VA Ends Policy Permitting PACE Liens on VA Loans
The Department of Veterans Affairs ended its policy permitting VA-guaranteed financing on properties with a pre-existing Property Assessed Clean Energy Loan (PACE) obligation. The policy was originally announced in Circular 26-16-18 on July 19, 2016 and was similar to a HUD announcement for FHA loans at the same time.
At that time, MBA advocated strongly against these decisions by both Departments because PACE loans are not subject to appropriate, standardized consumer protections, and they also upend traditional lien priority. Last year, with the arrival of the new administration, MBA urged both VA and FHA to reconsider their PACE policy. The original VA Circular included a sunset date of July 1, 2018, and VA has informed MBA it will not extend its PACE policy.

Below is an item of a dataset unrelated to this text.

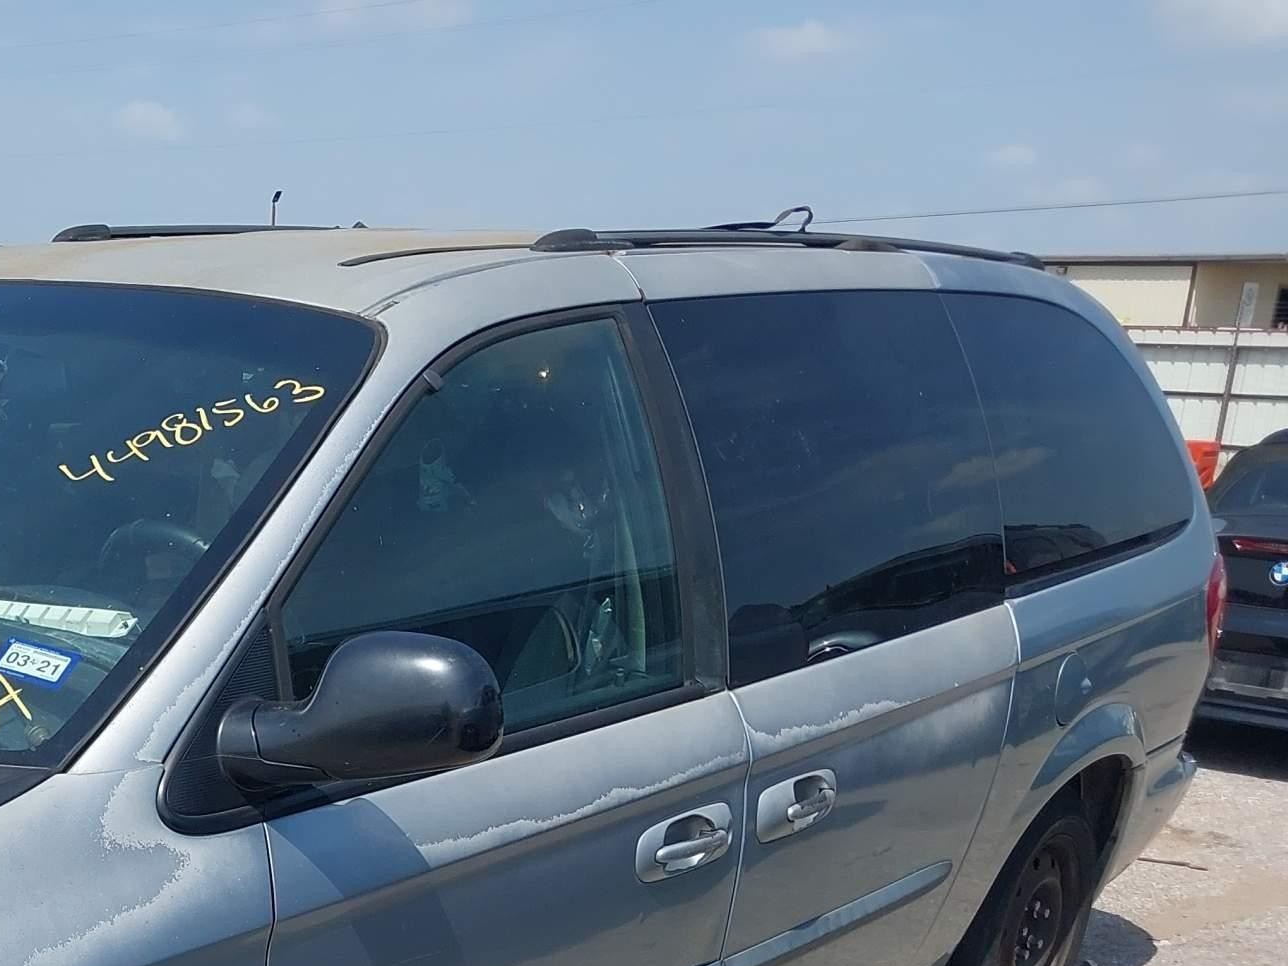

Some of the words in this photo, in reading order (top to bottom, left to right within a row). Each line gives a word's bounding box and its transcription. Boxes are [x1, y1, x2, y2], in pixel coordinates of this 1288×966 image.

[58, 379, 325, 482] 44981563
[6, 651, 31, 667] 03
[35, 660, 61, 676] 21

HUD previously announced on December 7, 2017 that it would reverse its prior PACE guidance. MBA advocacy also resulted in enactment of a provision (Section 307 of S. 2155) requiring the Consumer Financial Protection Bureau/Bureau of Consumer Financial Protections to issue regulations to apply ability to repay standards to PACE loans. Taken together, these actions should better protect consumers, lenders and taxpayers from the deleterious effects of PACE lending.